Garfield++ simulations related to the ALICE TPC

Summer Student Report

Kim Baraka

June 17 - August 10 2013

I - Introduction

About Garfield++: Garfield++ is a software generally used for the simulation of micropattern gaseous detectors. It is the C++ version of the well-established Garfield software, written in FORTRAN. Garfield++ is yet not fully developed for applications like wire chambers and still needs some further testing and improvement.

Objective: Since Garfield++ is a working but yet not fully accomplished toolkit, the work to be performed had a double objective: First: To validate and test some of the existing functions in the core of Garfield++; also to

modify and add functionality when need arises. Second: to simulate in Garfield++ (and other software interfaced to it) all parts needed

to validate the behavior of the ALICE TPC, with a focus on the Multi-Wire Proportional Chambers (MWPC). The four main parts of the simulation include:

I. Primary ionization (using the interface with the HEED software) II. Electron drift properties (using the interface with the Magboltz software)

III. Amplification and Ion drift IV. Signal creation

Once all parts are functional, it is easy to integrate them to get a simulation of the whole chain from the primary ionization of the gas to the full signal induced on the electronics. The code is put on the Garfield++ webpage as an example for future reference.

II - Summary of the work done

A. Contributions to the code of Garfield++

While testing the existing functions in Garfield++, some stability issues popped out and had to be fixed. These include modifications in the classes for the drift lines calculation (ending of the drift line), the interpolation function for the transport parameters of electrons, as well as the integration of the diffusion coefficient along the drift path. On the other hand, part of the features present in Garfield (FORTRAN) was missing in the C++ version, and was needed for the required simulation related to the ALICE TPC. This included writing the function to integrate the gain along the drift line of electrons for instance, enabling the plotting of both the geometry and the drift lines on the same canvas, developing the tools needed to retrieve the signal on an electrode... Some other features were newly added, like the new plotting tool for the transport parameters of electrons, which enables the plotting of a parameter not only as a function of electrical field, but also function of magnetic field intensity or angle.

B. Simulations related to the ALICE TPC

In the first two parts of the simulation work (Primary Ionization and Electron Drift), results were reproduced in Garfield++ for the current gas of the ALICE TPC (Ne/CO2 (90/10)) or with N2 added (Ne/CO2/N2 (90/10/5)) and Ar/CO2 (88/12), which is the candidate for the new upgrade of the TPC gas.

1. Primary ionization

The HEED interface was used to simulate the number of clusters, number of total electrons and energy deposition for the three gases mentioned above. Plots were generated as a function of momentum, and the Minimum Ionizing Particle (MIP) results were extracted. The figures for the MIP are compared to the results from the FORTRAN version of Garfield in Table 1 below.

Table 1: Comparative table for primary electrons (Np) and total electrons (NT) for a MIP

Gas

NP

(Garf++)

[cm-1

]

NP

(Garf)

[cm-1

]

NT

(Mean)

(Garf++)

[cm-1

]

NT

(Mean)

(Garf)

[cm-1

]

NT

(MPV)

(Garf++)

[cm-1

]

Ne-CO2 (90/10) 12.92 13.3 34.11 36.8 19.4

Ne-CO2-N2 (90/10/5) 13.37 14.0 34.82 36.1 19.5

Ar-CO2 (88-12) 26.42 26.4 72.19 74.8 40.1

2. Electron drift properties

Electron drift parameters such as drift velocity (three components) and diffusion coefficients were simulated using the interface with Magboltz, which generates gas tables. These tables were then used later on for simulating the actual gas detectors. Figure 1 below demonstrates the new plotting tool by showing the three components of drift velocity for electrons, as a function of electric field and angle between magnetic and electric field.

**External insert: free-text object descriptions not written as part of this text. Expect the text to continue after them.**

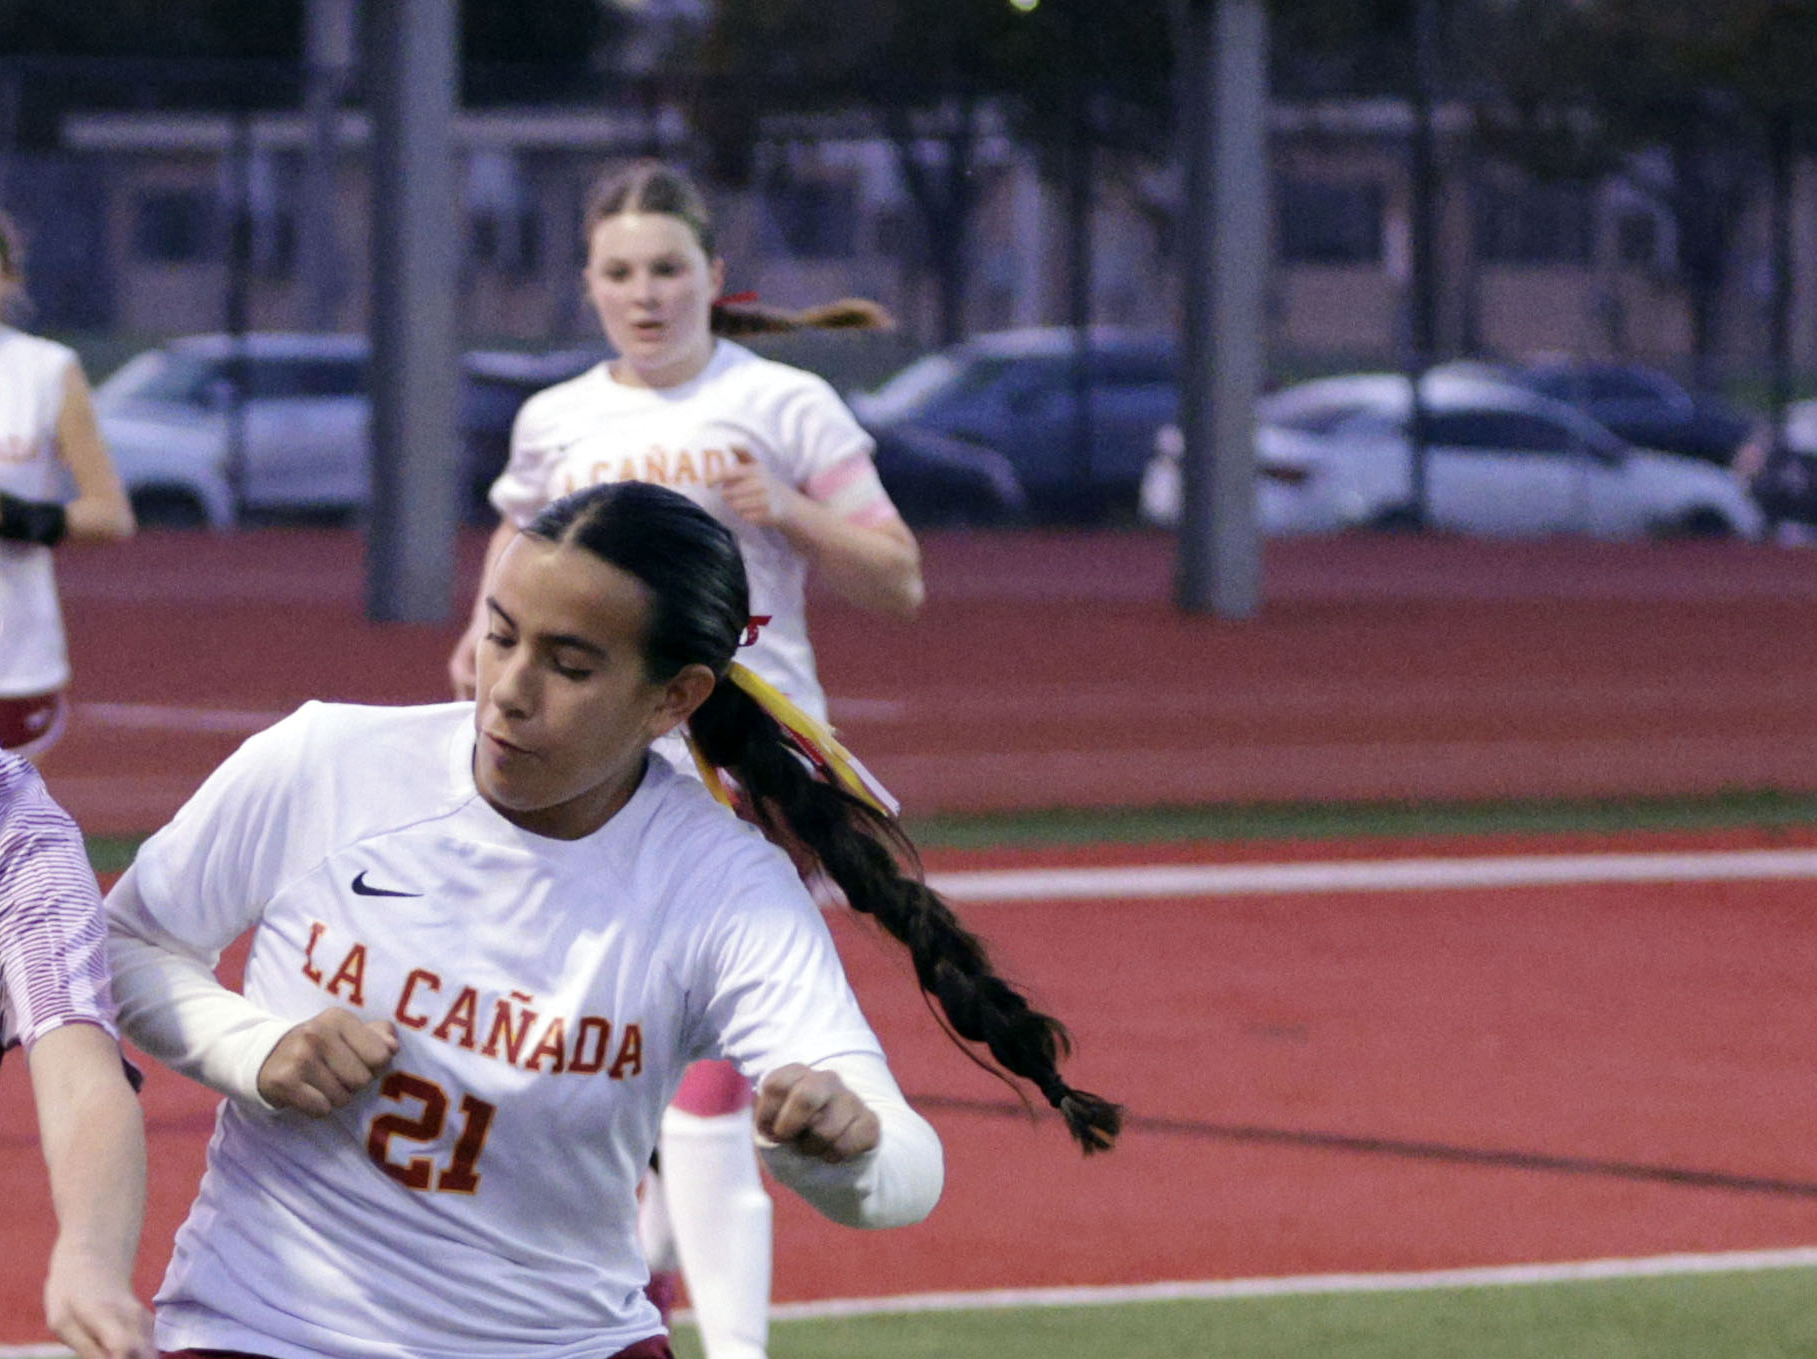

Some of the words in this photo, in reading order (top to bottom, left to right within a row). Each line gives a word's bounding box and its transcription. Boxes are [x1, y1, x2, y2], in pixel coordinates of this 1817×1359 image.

[301, 922, 369, 1007] LA
[394, 967, 644, 1080] CAÑADA
[366, 1070, 498, 1195] 21
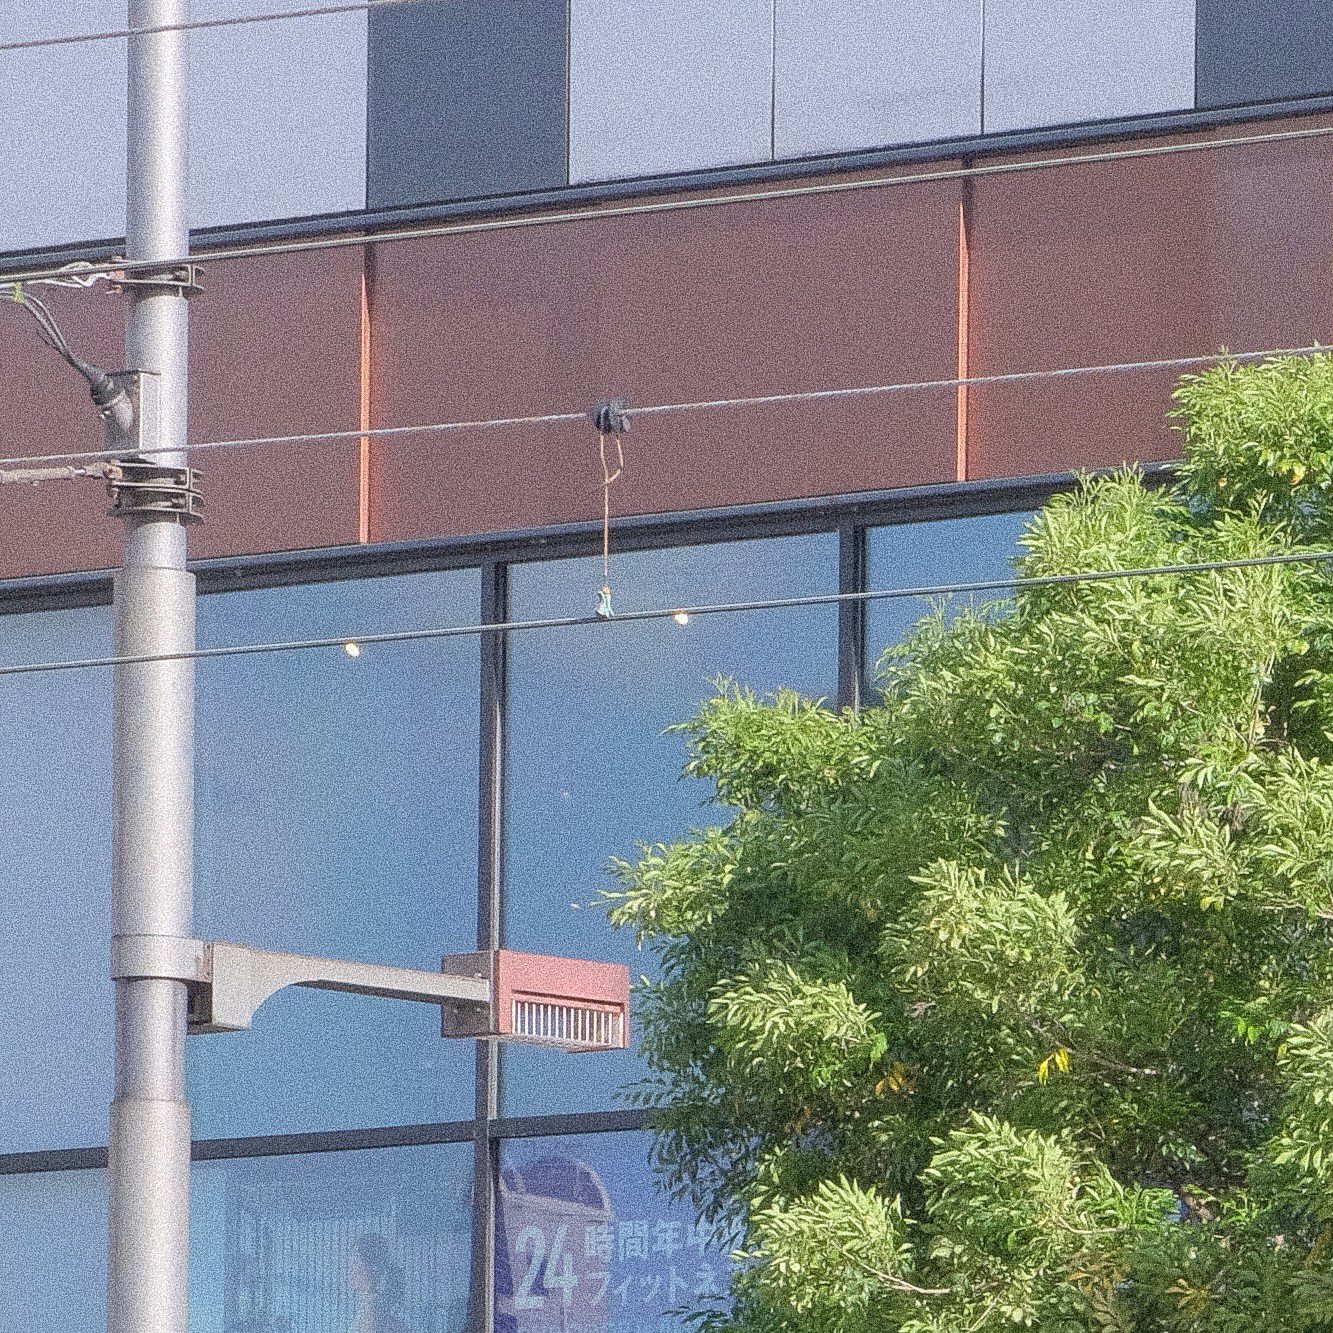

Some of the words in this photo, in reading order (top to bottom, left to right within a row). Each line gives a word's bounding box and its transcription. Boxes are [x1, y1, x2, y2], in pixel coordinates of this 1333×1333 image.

[514, 1224, 578, 1311] 24
[584, 1262, 722, 1307] フィットネ
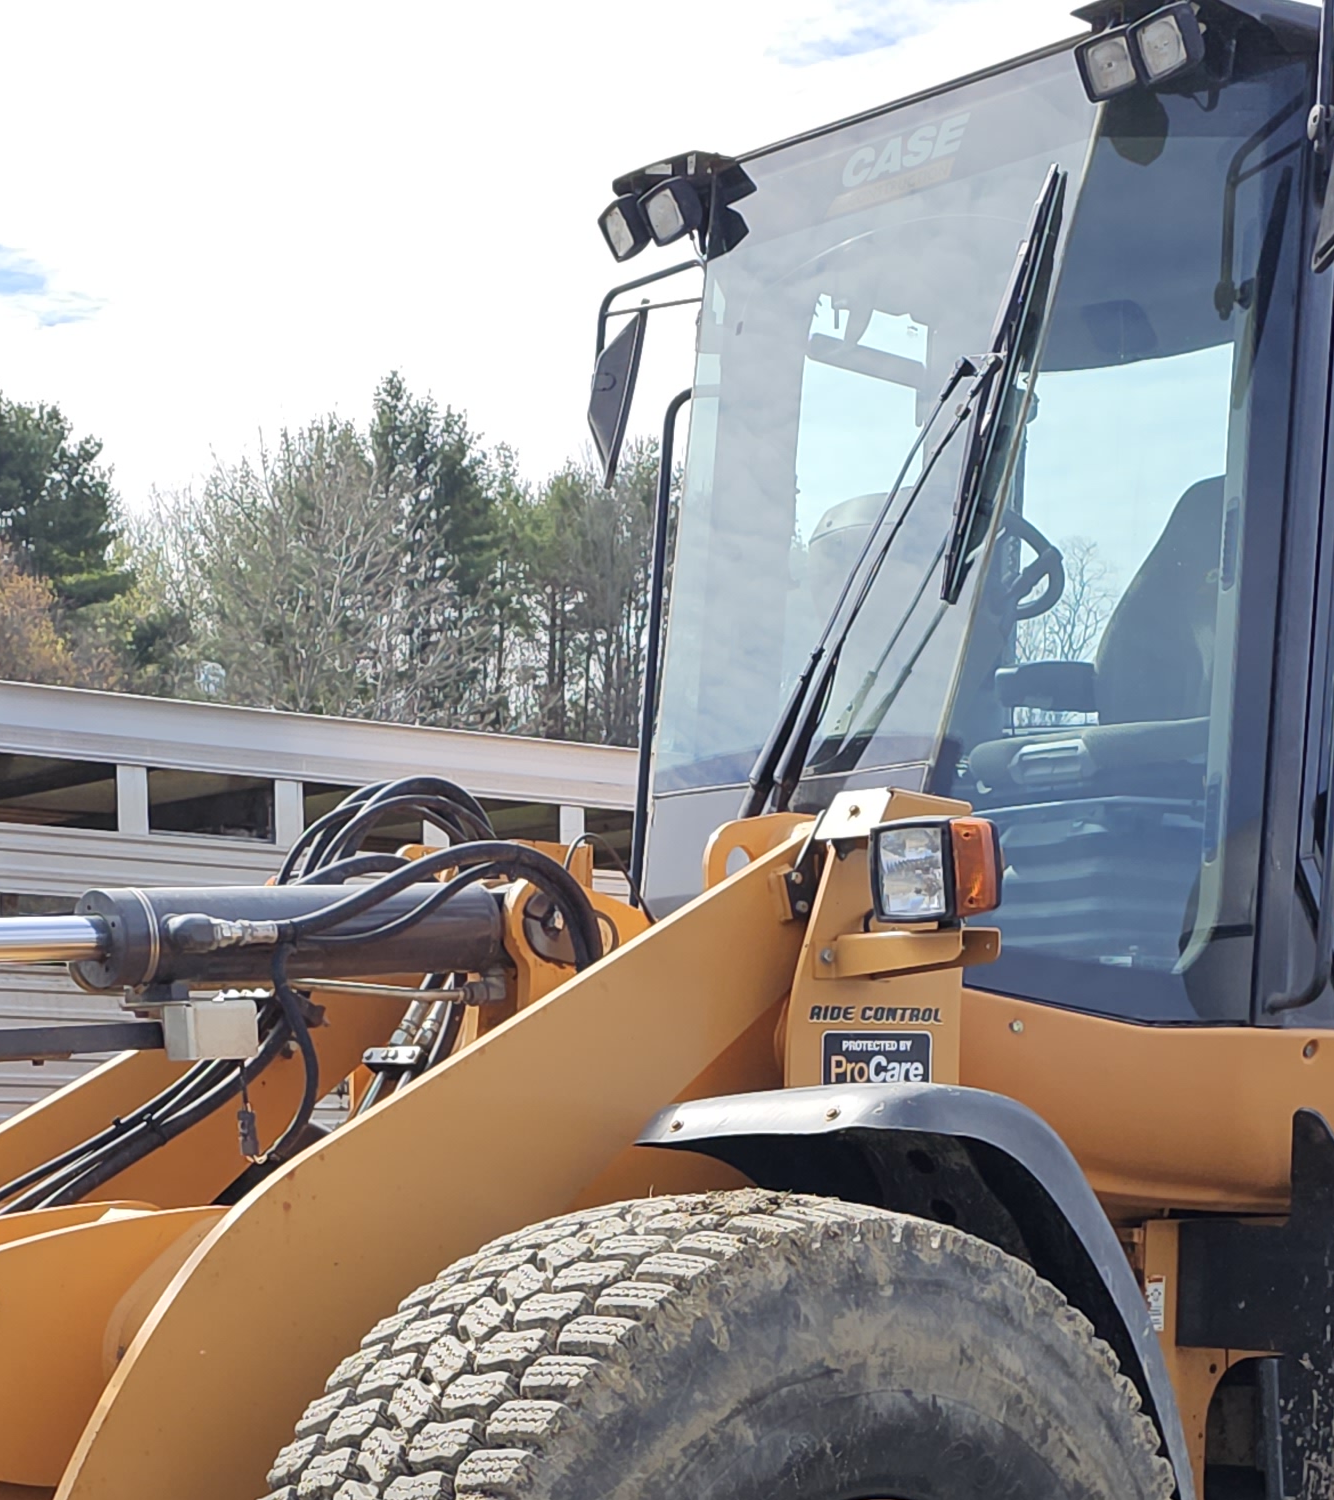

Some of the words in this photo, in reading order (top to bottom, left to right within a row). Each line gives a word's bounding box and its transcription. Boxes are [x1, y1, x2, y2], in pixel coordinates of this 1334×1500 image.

[842, 112, 971, 187] CASE
[809, 1005, 856, 1022] RIDE
[860, 1006, 944, 1023] CONTROL
[841, 1040, 898, 1051] PROTECTED
[899, 1040, 913, 1051] BY
[830, 1055, 925, 1083] ProCare
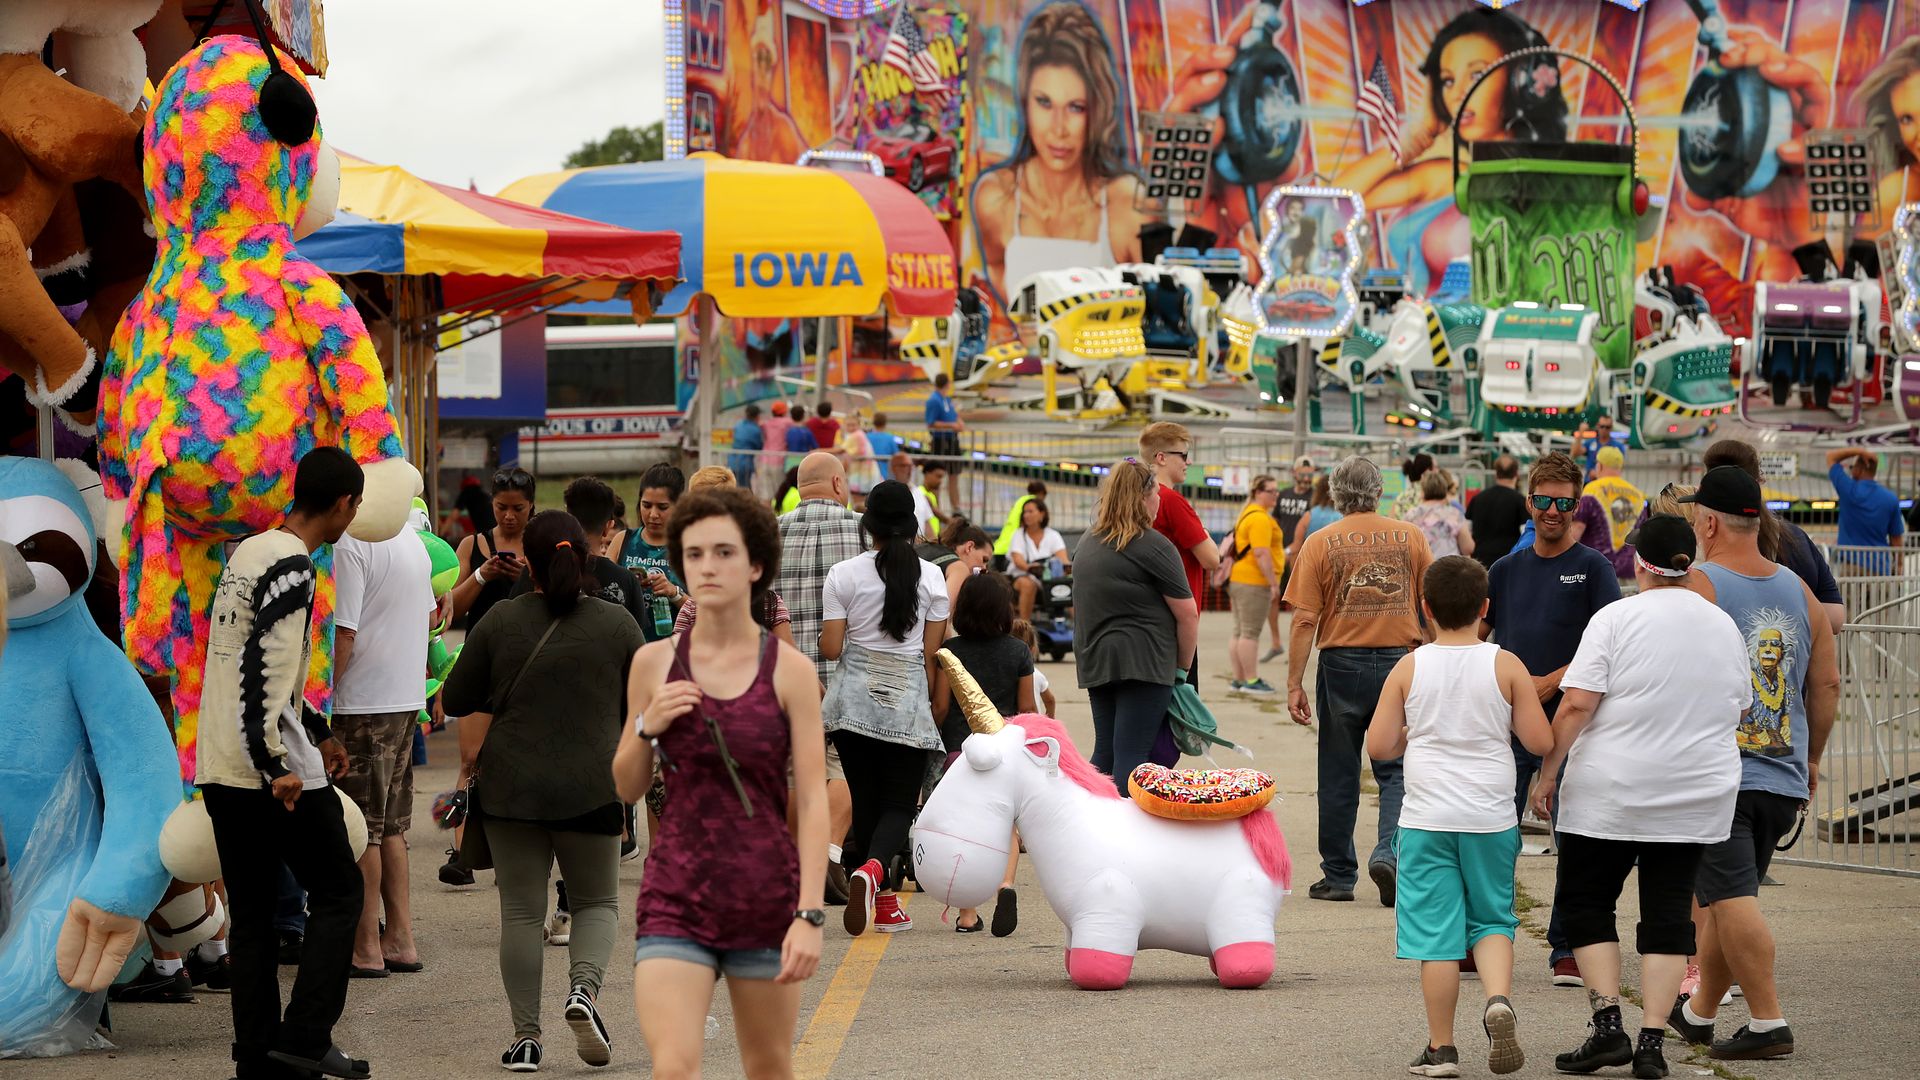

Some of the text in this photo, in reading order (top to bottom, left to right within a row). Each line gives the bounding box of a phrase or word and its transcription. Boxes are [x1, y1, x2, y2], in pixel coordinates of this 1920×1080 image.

[733, 252, 956, 290] IOWA STATE
[590, 417, 618, 433] OF
[622, 415, 671, 433] IOWA
[1325, 529, 1409, 550] HONU

Figure 1: Drift Velocity components as a function of Electric field (left) and magnetic field Angle (right) for Ne-CO2-N2 (90/10/5) with B = 0.5 T

At 400 V/cm (the drift field value of the ALICE TPC), the drift velocity was found to be 2.52 [cm/us] for Ne-CO2 (90/10) (2.73 in Garfield), and 3.26 [cm/us] for Ar-CO2 (88/12) (3.31 in Garfield). The differences are most probably due to the updated version of Magboltz. Table 2 below summarizes the results for the diffusion coefficients (longitudinal and transverse):

Table 2: Comparative table for longitudinal (DL) and transverse (DT) diffusion coefficients

Gas Ne-CO2 (90/10) Ne-CO2-N2 (90/10/5) Ar-CO2 (90/10)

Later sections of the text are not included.